_Problem description_: Pictures aside, return all of the records exactly as they stand.

_Available records_:
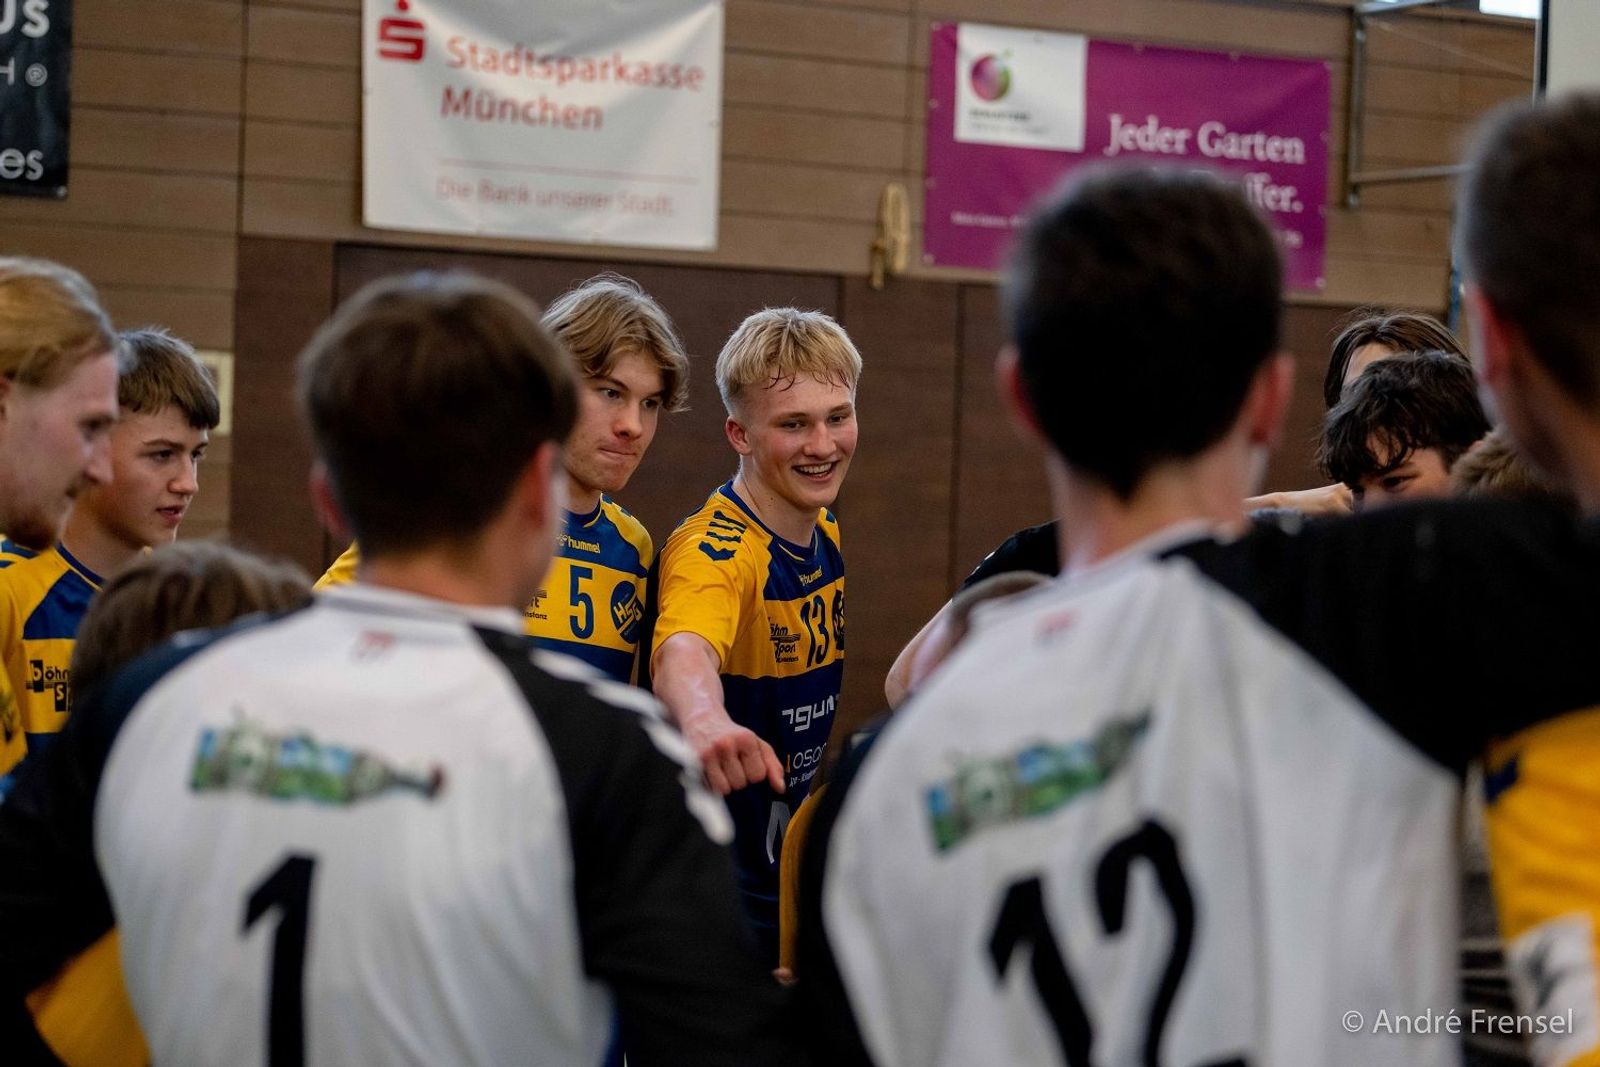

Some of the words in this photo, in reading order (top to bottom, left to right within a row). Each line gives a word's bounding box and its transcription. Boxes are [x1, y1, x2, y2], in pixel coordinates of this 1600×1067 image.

[447, 35, 705, 92] Stadtsparkasse
[440, 84, 605, 130] München
[1103, 113, 1192, 157] Jeder
[1197, 120, 1305, 165] Garten
[568, 537, 601, 554] hummel
[569, 564, 594, 640] 5
[612, 594, 644, 624] HSG
[800, 594, 830, 669] 13
[243, 853, 319, 1067] 1
[987, 818, 1252, 1067] 12

_Your response_:
Some of the words in this photo, in reading order (top to bottom, left to right within a row). Each line gives a word's bounding box and its transcription. Boxes are [x1, y1, x2, y2], in pixel coordinates of this 1600×1067 image.

[447, 35, 705, 92] Stadtsparkasse
[440, 84, 605, 130] München
[1103, 113, 1192, 157] Jeder
[1197, 120, 1305, 165] Garten
[568, 537, 601, 554] hummel
[569, 564, 594, 640] 5
[612, 594, 644, 624] HSG
[800, 594, 830, 669] 13
[243, 853, 319, 1067] 1
[987, 818, 1252, 1067] 12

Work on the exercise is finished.